YOUR INSTRUCTIONS
Produce the full set of records below once more, exactly as they stand.

SUPPLIED MATERIAL
----

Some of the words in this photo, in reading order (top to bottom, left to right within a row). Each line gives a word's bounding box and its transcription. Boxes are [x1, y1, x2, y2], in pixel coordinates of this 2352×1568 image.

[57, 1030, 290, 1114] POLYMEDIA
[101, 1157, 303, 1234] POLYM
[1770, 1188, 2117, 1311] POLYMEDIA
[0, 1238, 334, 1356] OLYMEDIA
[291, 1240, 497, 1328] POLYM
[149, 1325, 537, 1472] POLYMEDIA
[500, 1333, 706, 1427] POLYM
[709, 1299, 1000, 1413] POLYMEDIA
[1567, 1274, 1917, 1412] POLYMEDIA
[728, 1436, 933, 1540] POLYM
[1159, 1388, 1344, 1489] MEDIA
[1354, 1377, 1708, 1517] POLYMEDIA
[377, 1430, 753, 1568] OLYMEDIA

----

REPLY
Some of the words in this photo, in reading order (top to bottom, left to right within a row). Each line gives a word's bounding box and its transcription. Boxes are [x1, y1, x2, y2], in pixel coordinates of this 2352×1568 image.

[57, 1030, 290, 1114] POLYMEDIA
[101, 1157, 303, 1234] POLYM
[1770, 1188, 2117, 1311] POLYMEDIA
[0, 1238, 334, 1356] OLYMEDIA
[291, 1240, 497, 1328] POLYM
[149, 1325, 537, 1472] POLYMEDIA
[500, 1333, 706, 1427] POLYM
[709, 1299, 1000, 1413] POLYMEDIA
[1567, 1274, 1917, 1412] POLYMEDIA
[728, 1436, 933, 1540] POLYM
[1159, 1388, 1344, 1489] MEDIA
[1354, 1377, 1708, 1517] POLYMEDIA
[377, 1430, 753, 1568] OLYMEDIA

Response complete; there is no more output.